# What you should do
In the records below, take the line containing "this 2048×1152 image." and reproduce it and every subsequent line exactly, adding nothing.

Dataset excerpts

++++

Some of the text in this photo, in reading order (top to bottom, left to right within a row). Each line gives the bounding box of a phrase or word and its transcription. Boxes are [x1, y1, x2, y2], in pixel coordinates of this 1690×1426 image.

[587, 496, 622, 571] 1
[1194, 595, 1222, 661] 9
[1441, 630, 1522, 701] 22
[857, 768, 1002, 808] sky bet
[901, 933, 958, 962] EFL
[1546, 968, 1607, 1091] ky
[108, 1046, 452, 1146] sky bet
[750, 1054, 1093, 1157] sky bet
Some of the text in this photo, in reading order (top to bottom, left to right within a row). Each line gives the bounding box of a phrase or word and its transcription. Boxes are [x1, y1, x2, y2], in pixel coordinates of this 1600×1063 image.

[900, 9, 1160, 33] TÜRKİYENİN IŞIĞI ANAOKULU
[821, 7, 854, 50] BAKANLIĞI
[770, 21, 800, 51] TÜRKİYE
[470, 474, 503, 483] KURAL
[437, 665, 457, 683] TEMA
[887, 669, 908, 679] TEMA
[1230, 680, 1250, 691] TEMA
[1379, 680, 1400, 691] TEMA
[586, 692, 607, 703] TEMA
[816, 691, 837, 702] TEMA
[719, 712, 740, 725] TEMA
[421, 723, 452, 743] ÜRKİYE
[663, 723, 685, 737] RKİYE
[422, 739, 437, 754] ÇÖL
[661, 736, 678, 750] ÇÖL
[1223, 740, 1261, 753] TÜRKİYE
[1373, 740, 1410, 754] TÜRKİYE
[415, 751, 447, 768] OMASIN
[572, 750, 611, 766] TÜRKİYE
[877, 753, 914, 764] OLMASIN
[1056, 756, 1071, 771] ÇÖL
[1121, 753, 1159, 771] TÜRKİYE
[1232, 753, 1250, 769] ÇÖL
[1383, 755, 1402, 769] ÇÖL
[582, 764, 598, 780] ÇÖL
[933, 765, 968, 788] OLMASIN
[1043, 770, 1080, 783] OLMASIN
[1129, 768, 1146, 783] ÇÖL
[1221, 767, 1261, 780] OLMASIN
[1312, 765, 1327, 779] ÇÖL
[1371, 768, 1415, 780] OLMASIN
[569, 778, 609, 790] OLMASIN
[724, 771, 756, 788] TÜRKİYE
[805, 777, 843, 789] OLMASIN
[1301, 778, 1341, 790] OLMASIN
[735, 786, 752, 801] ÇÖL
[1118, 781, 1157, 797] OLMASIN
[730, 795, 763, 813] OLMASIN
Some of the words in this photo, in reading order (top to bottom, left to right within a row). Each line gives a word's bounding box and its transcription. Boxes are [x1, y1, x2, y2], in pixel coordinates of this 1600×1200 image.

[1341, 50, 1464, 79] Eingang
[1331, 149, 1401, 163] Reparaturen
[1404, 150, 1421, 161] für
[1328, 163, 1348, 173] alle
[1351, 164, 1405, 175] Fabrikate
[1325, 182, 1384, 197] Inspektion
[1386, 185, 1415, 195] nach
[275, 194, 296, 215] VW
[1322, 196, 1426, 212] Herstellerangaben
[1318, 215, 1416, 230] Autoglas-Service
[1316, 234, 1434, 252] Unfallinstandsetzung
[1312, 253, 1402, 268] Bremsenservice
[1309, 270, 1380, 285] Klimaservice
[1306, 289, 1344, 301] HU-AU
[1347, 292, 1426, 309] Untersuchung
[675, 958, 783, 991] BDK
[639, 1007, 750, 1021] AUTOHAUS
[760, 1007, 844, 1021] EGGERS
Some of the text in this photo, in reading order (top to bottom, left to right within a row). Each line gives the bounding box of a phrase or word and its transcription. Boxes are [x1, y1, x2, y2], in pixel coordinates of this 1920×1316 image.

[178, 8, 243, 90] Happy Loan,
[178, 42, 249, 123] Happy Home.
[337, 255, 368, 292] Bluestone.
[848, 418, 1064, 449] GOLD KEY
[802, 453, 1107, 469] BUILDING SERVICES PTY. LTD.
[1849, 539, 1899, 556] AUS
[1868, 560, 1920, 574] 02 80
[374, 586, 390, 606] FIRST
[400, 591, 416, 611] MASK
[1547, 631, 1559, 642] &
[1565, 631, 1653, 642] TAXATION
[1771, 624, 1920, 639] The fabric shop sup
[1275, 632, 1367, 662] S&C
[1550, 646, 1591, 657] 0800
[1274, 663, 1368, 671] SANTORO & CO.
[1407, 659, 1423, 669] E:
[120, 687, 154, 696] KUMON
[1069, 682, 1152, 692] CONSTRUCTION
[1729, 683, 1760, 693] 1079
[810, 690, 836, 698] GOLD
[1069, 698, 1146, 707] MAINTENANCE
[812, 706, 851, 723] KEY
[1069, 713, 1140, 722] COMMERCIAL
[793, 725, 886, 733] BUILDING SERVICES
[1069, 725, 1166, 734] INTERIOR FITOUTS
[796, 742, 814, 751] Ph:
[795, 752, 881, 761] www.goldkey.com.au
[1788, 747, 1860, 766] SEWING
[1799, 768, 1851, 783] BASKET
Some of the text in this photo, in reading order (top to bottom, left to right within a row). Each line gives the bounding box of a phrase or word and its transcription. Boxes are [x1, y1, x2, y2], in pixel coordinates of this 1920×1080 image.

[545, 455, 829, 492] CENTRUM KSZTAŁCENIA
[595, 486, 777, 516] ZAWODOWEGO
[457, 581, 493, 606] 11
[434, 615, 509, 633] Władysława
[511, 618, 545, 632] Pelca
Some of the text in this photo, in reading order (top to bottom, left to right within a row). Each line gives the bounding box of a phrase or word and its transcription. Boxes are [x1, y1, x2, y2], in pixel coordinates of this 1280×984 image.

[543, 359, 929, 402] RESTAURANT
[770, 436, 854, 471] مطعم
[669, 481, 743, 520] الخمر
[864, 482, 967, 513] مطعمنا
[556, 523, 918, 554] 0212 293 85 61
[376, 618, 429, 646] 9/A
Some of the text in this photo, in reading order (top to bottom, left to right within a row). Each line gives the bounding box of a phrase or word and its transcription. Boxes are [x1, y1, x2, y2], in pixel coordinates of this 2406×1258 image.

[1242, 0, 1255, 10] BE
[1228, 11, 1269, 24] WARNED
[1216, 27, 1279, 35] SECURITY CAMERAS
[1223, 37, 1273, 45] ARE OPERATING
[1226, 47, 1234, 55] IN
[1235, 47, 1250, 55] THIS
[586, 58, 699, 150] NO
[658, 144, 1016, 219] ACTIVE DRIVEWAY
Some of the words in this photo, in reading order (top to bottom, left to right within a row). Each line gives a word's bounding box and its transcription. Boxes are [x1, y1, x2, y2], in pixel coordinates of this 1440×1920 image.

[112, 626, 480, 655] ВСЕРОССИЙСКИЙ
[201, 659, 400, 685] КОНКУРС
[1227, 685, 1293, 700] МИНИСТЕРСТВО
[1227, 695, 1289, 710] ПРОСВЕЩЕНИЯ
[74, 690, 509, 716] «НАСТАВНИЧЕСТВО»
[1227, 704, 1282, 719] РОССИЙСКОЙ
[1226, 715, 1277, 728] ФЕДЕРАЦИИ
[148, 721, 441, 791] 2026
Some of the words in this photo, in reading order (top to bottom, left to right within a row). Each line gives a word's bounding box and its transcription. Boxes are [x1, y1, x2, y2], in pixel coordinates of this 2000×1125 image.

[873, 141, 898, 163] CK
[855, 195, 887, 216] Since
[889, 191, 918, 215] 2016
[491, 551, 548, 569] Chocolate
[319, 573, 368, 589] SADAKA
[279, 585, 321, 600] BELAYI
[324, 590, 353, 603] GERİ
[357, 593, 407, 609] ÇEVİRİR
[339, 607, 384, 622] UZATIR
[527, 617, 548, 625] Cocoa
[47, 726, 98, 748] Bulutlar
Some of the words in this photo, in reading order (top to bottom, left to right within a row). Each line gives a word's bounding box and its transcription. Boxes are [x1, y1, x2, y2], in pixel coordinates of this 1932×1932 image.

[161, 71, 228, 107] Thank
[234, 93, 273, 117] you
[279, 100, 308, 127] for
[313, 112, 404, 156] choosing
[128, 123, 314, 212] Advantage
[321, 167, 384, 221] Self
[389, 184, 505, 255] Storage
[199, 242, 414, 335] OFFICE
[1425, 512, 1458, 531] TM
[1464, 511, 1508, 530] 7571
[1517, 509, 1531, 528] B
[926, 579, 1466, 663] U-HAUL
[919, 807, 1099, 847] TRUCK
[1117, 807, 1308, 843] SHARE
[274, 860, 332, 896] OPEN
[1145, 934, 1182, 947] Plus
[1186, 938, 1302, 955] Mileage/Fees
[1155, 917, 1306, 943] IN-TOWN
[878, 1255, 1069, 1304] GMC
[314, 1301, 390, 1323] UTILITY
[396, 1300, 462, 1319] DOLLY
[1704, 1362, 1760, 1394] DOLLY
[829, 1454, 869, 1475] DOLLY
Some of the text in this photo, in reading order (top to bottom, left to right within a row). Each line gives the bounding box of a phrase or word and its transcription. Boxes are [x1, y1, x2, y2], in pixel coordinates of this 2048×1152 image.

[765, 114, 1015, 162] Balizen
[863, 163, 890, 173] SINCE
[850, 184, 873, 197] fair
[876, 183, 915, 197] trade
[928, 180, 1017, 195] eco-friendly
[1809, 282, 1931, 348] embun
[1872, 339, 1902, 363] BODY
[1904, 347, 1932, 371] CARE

++++

# Response to the task
Some of the text in this photo, in reading order (top to bottom, left to right within a row). Each line gives the bounding box of a phrase or word and its transcription. Boxes are [x1, y1, x2, y2], in pixel coordinates of this 2048×1152 image.

[765, 114, 1015, 162] Balizen
[863, 163, 890, 173] SINCE
[850, 184, 873, 197] fair
[876, 183, 915, 197] trade
[928, 180, 1017, 195] eco-friendly
[1809, 282, 1931, 348] embun
[1872, 339, 1902, 363] BODY
[1904, 347, 1932, 371] CARE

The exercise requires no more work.